In [1]:

import pickle
import pandas as pd
import numpy as np
import matplotlib.pyplot as plt
import matplotlib
%matplotlib inline
matplotlib.style.use('ggplot')
from collections import Counter

In [2]:

dump_file = '/home/nico/.pyrec_data/dumps/161017-15h46m41-KNNBasic'  # launch 
dump = pickle.load(open(dump_file, 'rb'))['fold_0']

df = pd.DataFrame(dump['predictions'], columns=['uid', 'iid', 'rui', 'est', 'wasImpossible'])
# add the error column
df['err'] = abs(df.est - df.rui)
# add the |I_u| and |U_i| columns
df['I_u'] = df.uid.apply(lambda uid: len(dump['trainset'].ur[uid]))
df['U_i'] = df.iid.apply(lambda iid: len(dump['trainset'].ir[iid]))
df[:3]

Out[2]:

	uid	iid	rui	est	wasImpossible	err	I_u	U_i
0	64	26	3.0	3.649495	{'was_impossible': False}	0.649495	233	168
1	177	831	3.0	3.175855	{'was_impossible': False}	0.175855	125	99
2	76	4	4.0	3.325020	{'was_impossible': False}	0.674980	81	128

In [3]:

# let's take a look at predictions where error is very low
best_preds = df.sort_values(by='err')[:10]
best_preds

Out[3]:

	uid	iid	rui	est	wasImpossible	I_u	U_i
7022	744	1420	4.0	4.0	{'was_impossible': False}	27	3
2399	28	1186	1.0	1.0	{'was_impossible': False}	583	2
11879	145	1474	1.0	1.0	{'was_impossible': False}	140	3
16688	505	1474	1.0	1.0	{'was_impossible': False}	140	3
6717	28	889	1.0	1.0	{'was_impossible': False}	583	2
1292	244	1551	3.0	3.0	{'was_impossible': False}	144	1
6046	303	1262	1.0	1.0	{'was_impossible': False}	532	4
12445	411	1618	4.0	4.0	{'was_impossible': False}	87	1
3748	303	1379	1.0	1.0	{'was_impossible': False}	532	3
16882	453	1467	2.0	2.0	{'was_impossible': False}	179	1

These are actually lucky shots: $|U_i|$ is always very low, meaning that very few users have rated the target item. This implies that the set of elligible neighbors is very small... And, it just happens that all the ratings from the neighbors are the same (and mostly, are equal to that of the target user).
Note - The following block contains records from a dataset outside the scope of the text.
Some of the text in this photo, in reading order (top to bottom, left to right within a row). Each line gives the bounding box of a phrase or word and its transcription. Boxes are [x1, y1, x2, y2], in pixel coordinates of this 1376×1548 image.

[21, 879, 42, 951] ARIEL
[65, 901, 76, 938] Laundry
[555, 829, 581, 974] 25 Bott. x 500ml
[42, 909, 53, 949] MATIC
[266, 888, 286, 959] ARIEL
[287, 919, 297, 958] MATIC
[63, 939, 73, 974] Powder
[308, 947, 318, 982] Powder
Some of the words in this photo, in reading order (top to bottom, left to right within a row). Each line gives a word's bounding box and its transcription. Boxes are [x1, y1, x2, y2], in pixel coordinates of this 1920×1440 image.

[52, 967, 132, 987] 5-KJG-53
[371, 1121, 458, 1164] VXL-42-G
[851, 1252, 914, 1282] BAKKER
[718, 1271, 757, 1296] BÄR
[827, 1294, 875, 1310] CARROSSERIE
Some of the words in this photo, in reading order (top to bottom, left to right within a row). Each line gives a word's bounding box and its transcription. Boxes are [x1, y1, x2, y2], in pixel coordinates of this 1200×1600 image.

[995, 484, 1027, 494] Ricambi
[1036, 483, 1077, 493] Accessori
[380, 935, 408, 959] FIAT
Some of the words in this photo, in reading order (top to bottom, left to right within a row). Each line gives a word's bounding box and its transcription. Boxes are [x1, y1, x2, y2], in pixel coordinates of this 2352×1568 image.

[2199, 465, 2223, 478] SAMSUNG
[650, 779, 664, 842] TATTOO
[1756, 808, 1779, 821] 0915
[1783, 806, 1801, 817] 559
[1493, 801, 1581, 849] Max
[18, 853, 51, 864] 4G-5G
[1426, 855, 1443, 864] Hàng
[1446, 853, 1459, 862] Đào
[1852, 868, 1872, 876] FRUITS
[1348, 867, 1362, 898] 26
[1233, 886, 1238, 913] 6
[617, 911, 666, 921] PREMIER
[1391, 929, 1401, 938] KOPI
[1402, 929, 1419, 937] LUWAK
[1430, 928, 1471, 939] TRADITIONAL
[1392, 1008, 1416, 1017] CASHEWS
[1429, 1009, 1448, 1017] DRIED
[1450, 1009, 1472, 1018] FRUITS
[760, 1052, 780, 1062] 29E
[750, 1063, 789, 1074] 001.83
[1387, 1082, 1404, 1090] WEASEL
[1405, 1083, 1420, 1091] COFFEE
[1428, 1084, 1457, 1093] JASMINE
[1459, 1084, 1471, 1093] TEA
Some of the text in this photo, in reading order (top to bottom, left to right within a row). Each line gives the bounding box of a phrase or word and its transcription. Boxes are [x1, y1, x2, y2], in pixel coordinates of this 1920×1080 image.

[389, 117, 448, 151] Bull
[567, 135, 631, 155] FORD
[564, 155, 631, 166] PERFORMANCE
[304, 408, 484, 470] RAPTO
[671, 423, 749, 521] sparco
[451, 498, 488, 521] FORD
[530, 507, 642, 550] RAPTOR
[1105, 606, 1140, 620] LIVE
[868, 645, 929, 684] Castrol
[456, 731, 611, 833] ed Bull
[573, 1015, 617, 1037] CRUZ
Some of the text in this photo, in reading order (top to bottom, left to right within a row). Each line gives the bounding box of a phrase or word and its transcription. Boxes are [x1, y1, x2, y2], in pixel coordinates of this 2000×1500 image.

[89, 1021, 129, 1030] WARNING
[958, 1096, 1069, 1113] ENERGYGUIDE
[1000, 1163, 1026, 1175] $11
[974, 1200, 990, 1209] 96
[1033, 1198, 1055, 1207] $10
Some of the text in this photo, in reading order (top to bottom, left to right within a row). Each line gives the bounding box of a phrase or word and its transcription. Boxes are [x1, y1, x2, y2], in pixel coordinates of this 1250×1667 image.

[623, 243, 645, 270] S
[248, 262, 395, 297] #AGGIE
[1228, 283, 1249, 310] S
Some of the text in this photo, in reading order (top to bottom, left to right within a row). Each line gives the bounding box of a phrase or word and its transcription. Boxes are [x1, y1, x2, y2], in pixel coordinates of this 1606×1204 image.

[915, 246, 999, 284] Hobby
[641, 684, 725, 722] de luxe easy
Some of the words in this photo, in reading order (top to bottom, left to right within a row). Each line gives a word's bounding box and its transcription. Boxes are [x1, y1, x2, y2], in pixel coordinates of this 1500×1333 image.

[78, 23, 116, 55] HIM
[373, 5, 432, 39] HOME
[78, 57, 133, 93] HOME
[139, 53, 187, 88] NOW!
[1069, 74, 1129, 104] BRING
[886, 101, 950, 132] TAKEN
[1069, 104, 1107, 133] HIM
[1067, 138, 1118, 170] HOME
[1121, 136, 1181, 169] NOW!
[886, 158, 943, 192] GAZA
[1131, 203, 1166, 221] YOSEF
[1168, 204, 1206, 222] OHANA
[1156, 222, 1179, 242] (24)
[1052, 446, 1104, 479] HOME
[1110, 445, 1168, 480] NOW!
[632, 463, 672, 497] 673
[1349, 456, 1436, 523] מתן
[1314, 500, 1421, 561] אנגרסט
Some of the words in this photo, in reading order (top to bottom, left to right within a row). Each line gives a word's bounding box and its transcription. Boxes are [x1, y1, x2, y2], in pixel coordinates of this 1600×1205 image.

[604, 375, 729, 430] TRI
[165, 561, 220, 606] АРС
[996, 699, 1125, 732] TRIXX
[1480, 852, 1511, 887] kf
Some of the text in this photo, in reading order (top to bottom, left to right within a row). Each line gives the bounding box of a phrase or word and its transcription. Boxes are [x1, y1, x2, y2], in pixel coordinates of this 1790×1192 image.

Not convinced ? try that:

In [5]:

def std_dev(ratings):
    """Return standard deviation of ratings contained in a list of (id, rating) tuples."""
    return np.std([r for (_, r) in ratings])
    
best_preds.iid.apply(lambda x:std_dev(dump['trainset'].ir[x]))

Out[5]:

7022     0.0
2399     0.0
11879    0.0
16688    0.0
6717     0.0
1292     0.0
6046     0.0
12445    0.0
3748     0.0
16882    0.0
Name: iid, dtype: float64

In [6]:

# Now, let's take a look at predictions where error is very high
worst_preds = df.sort_values(by='err')[-10:]
worst_preds

Out[6]:

	uid	iid	rui	est	wasImpossible	err	I_u	U_i
10701	24	1339	1.0	4.507309	{'was_impossible': False}	3.507309	244	4
4534	28	1177	1.0	4.518146	{'was_impossible': False}	3.518146	583	2
17116	386	325	1.0	4.526533	{'was_impossible': False}	3.526533	121	229
12016	28	1395	1.0	4.568176	{'was_impossible': False}	3.568176	583	5
17502	548	402	1.0	4.599840	{'was_impossible': False}	3.599840	396	215
2661	465	1395	1.0	4.609239	{'was_impossible': False}	3.609239	56	5
15129	184	402	1.0	4.645398	{'was_impossible': False}	3.645398	71	215
6414	62	1621	5.0	1.000000	{'was_impossible': False}	4.000000	286	1
2199	17	1526	1.0	5.000000	{'was_impossible': False}	4.000000	68	1
18434	267	1069	5.0	1.000000	{'was_impossible': False}	4.000000	368	1

In [9]:

def plot_ratings(ratings, ax):
    counter = Counter([r for (_, r) in ratings])
    pd.DataFrame.from_dict(counter, orient='index').plot(kind='bar', ax=ax)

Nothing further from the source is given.